Visioni d'autunno

Premessa bibliografica.
Tutti gli estratti appartengono a "Bella gente d'Appennino", Giovanni Lindo Ferretti, Edizioni Mondadori, 2009.




Sono onesto.
All'inizio della lettura ero molto deluso. Non capivo dove volesse andare a parare. Poi ho voluto leggerlo tutto, e ho fatto bene.

C'è chi scrive e -capitolo dopo capitolo- è costantemente bravo, costantemente mediocre, costantemente scarso. C'è chi scrive (e si chiama Giovanni Lindo Ferretti) che è tratti è lezioso, pesante, noioso, brutto, diciamolo, brutto, ma in altri punti è LETTERALMENTE superbo.
Be’, io mi tengo la farina e la crusca la lascio ai detrattori.
Finché esprime idee riguardanti l’attualità, idee magari già sentite, pur non predicando niente di nuovo lo fa in maniera unica. Non esiste altro scrittore, cantante, artista in grado di coniugare i propri pensieri secondo la declinazione di Ferretti.
Quando invece parla dell'Appennino, possiamo toglierci il cappello e accorgerci (parlo per me, ma per me è davvero la prima volta) che è possibile -udite-udite!-, rappresentare in forma scrittoria (non solum sed etiam) l'Appennino in autunno. Personalmente non credevo fosse neppure verosimile avvicinarsi all'idea, sintetizzare con la penna ciò che gli occhi potevano solo trascendere e non certo comprendere. Figurarsi se uno dei sensi non nobili potesse essere in grado di descrivere ciò che uno dei cinque sensi naturali non era mai riuscito ad esaurire.

"Anno di disgrazia 1934. Tocca a Orazio piangere le sue lacrime [...] Se sai di libertà e sei libero quello che viene ti può anche andare male, ma vale. Se sai di libertà e sei in gabbia su cosa puoi contare? Sulla buona creanza del carceriere? La libertà vive in terra straniera e la mia patria è la mia galera. "
("Bella gente d'Appennino", Giovanni Lindo Ferretti, Edizioni Mondadori, 2009
)


"Per tutti brusca e striglia, criniere azzerate, taglio piatto della coda sopra il ginocchio. Occorre marcare il proprio lutto a sé e agli estranei e bisogna pur ricominciare facendo qualcosa."("Bella gente d'Appennino", Giovanni Lindo Ferretti, Edizioni Mondadori, 2009) Madonna quanto è vero.

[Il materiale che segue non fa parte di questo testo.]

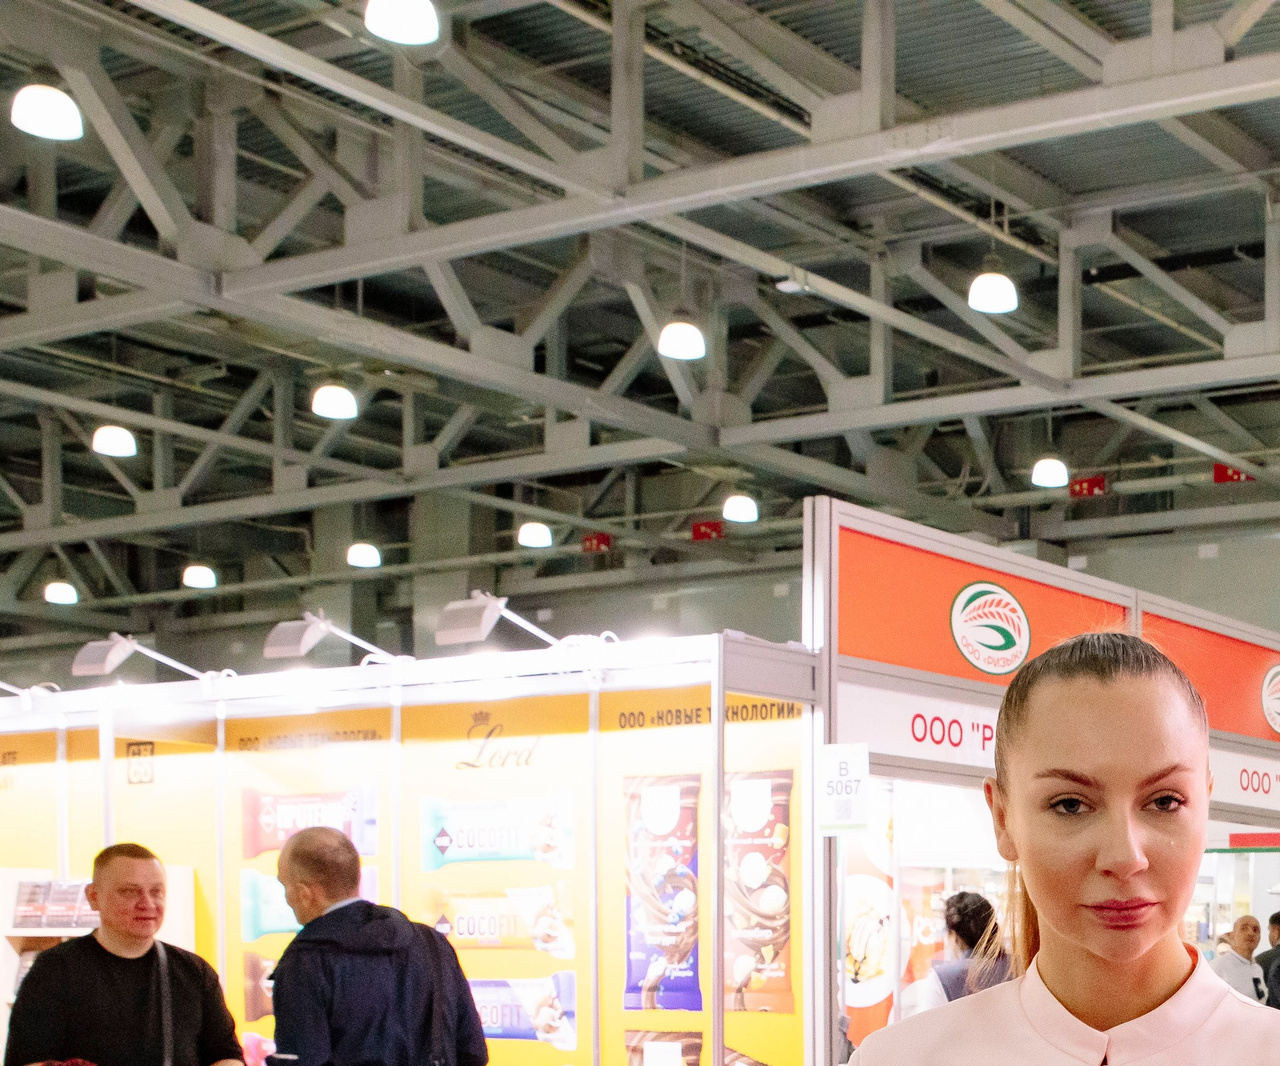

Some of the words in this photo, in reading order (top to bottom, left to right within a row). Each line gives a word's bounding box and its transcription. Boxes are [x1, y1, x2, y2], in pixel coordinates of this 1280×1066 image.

"La musica può legarsi al meglio dell'uomo, ma si adegua benissimo al peggio."
("Bella gente d'Appennino", Giovanni Lindo Ferretti, Edizioni Mondadori, 2009)

"Comunque la si rigiri, e si può rigirare all'infinito, trattasi sempre di braghe o di gonne."
("Bella gente d'Appennino", Giovanni Lindo Ferretti, Edizioni Mondadori, 2009
)


"...e ogni nuovo mondo comincia e finisce sempre in una fossa scavata lì per lì ad occultare un cadavere o in grandi fosse progettate ed eseguite scientificamente."
("Bella gente d'Appennino", Giovanni Lindo Ferretti, Edizioni Mondadori, 2009)

"...sa che la verità è come l'ortica: chi la sfiora ne è punto, bisogna afferrarla saldamente e non temere il bruciore."
("Bella gente d'Appennino", Giovanni Lindo Ferretti, Edizioni Mondadori, 2009)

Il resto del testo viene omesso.